For all 862 HBV carriers, the sex-specific and age-specific cumulative HBeAg-positive rate during the follow-up period was calculated using the Kaplan-Meier method at entry. The cumulative incidence of HCC and HBsAg negative were calculated for each group consisting of 617 HBV carriers who were HBeAg negative at entry (group 1) and 245 HBV carriers who were HBeAg positive at entry (group 2). Thereafter, the cumulative incidence rates based on the Kaplan-Meier method were calculated for HBeAg-positive (group 2) and HBeAg-negative (group 1) at entry. Statistical analysis was performed using JMP version 9 (SAS Institute Inc., Cary, NC). A P value less than 0.05 was considered statistically significant.
3 ETHICAL CONSIDERATIONS
This study was approved by the ethics committee for epidemiological research of Hiroshima University (Epi-1082) in Japan. The main objective was explained to all participants, and informed consent was obtained after the procedure was explained to the participants.
4 RESULTS
4.1 Characteristics of residents
4.1.1 Age distribution and clinical diagnosis at entry
Among the 862 participants, the mean age was 45.3 ± 17.0 years, the overall follow-up period was 15.5 ± 8.8 years (range, 0.6 to 34.8 years), and the follow-up period for the study was 15.5 ± 8.8 years (the follow-up period after treatment initiation was not taken into account). There were 495 male residents (age 44.6 ± 15.8 years, with follow-up period of 15.1 ± 8.8 years) and 367 female residents (age 46.1 ± 18.5 years, with follow-up period of 16.1 ± 8.7 years). In all groups, the highest proportion of participation was found in the 30 to 39-year age group (Appendix 2). Seroconversion of HBeAg was frequently found in the 40 to 49-year age group. Regarding clinical diagnosis at entry, 58% (288 of 495), 27% (135 of 495), and 15% (72 of 495) of male residents and 71% (259 of 367), 22% (85 of 367), and 6% (23 of 367) of female residents were diagnosed as AC, CH, and LC, respectively.
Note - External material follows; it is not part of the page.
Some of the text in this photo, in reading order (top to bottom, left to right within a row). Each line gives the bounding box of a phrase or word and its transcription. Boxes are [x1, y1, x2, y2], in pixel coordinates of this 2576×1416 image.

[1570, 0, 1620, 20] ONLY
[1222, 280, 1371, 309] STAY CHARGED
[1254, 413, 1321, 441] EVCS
4.1.2 Age-specific HBeAg-positive rate
The age-specific HBeAg-positive rate at entry was higher in both sexes at younger ages (83.9%, 44.9%, and 39.7% of male residents and 67.7%, 33.3%, and 22.2% of female residents at 0 to 19, 20 to 29, and 30 to 39 years, respectively) (Figure 3). Thereafter, estimated age-specific HBeAg-positive rates at 10-year intervals were linked for the same age group.
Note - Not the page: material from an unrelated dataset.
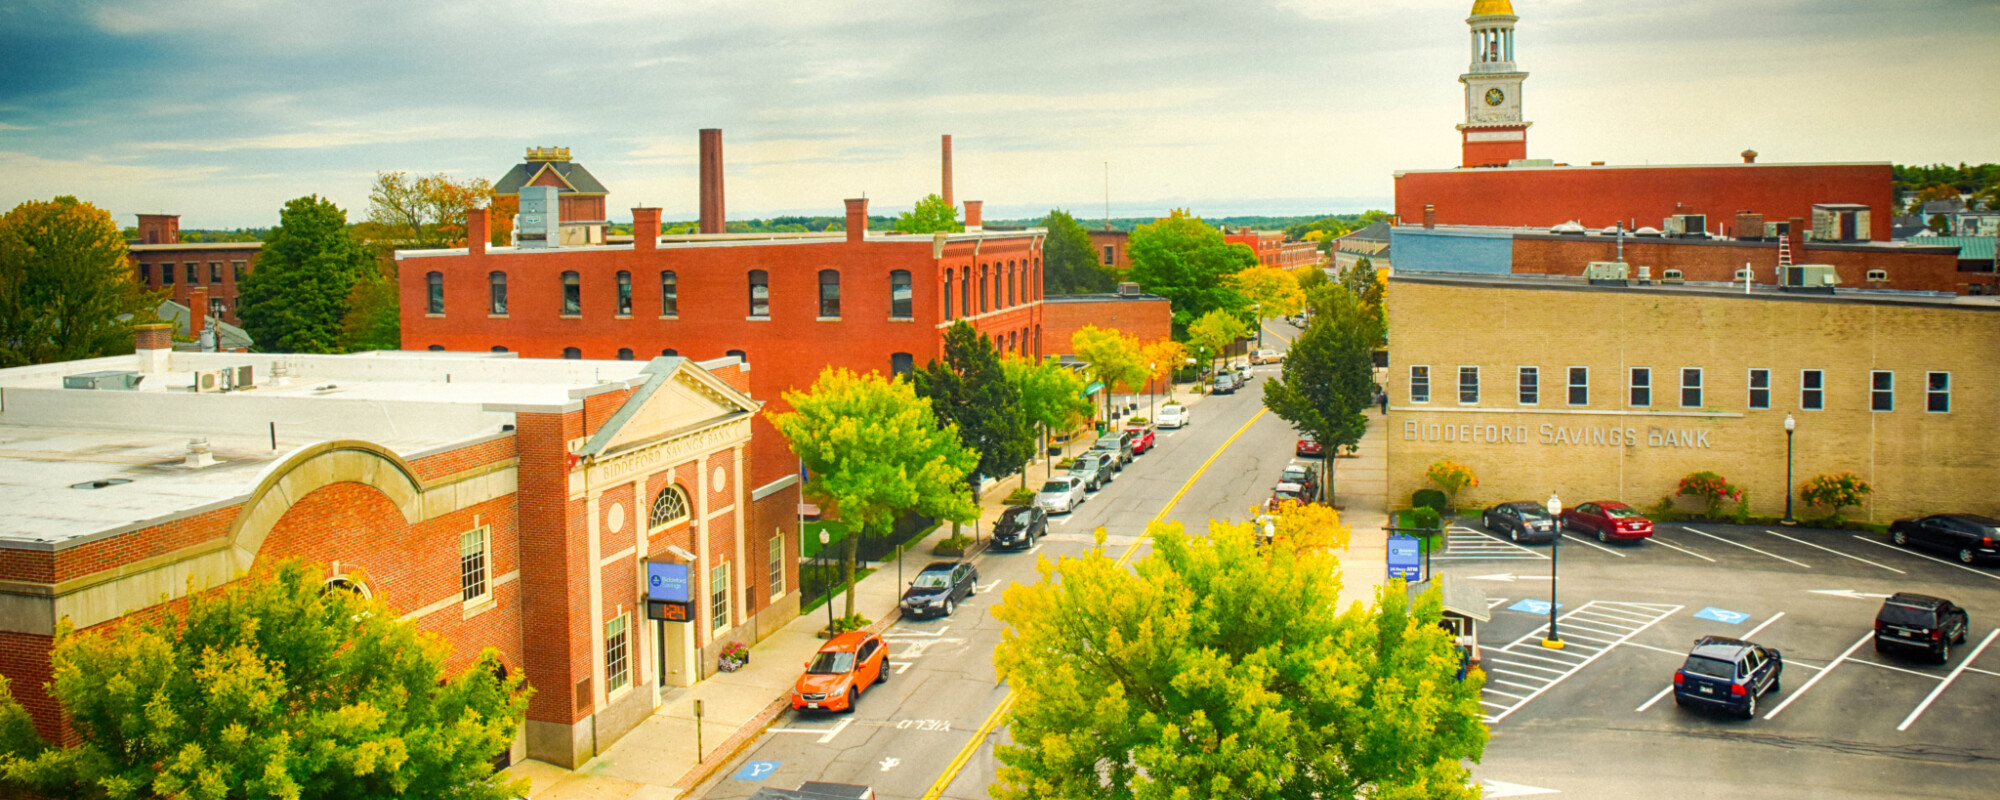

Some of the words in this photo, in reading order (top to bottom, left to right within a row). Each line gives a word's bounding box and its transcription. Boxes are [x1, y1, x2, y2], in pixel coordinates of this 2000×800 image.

Age-specific HBeAg-positive rate. HBeAg-positive rates at entry are plotted as larger dots in the charts. Kaplan-Meier estimated age-specific HBeAg-positive rate after 10, 20, and 30 years are shown as smaller dots. HBeAg, hepatitis B e antigen
4.2 Subsequence progression to HCC and cumulative incidence of HCC and HBsAg negative estimated by Kaplan-Meier in both the HBeAg-positive and HBeAg-negative cohort at entry
During the follow-up period, 44 of 245 (18.0%) of cohort with the HBeAg-positive at entry (group 2) progressed to HCC, and 21 of 617 (3.4%) of cohort with the HBeAg negative at entry (group 1) progressed to HCC (P < 0.001). In addition, the overall incidence rate of HCC among the HBeAg-positive cohort (group 2) (1.30/100 PY; 95% confidence interval [CI]: 0.94–1.74/100 PY) at entry estimated using the PY method was higher than that of the HBeAg-negative cohort (group 1) (0.23/100 PY; 95% CI: 0.14–0.36/100 PY).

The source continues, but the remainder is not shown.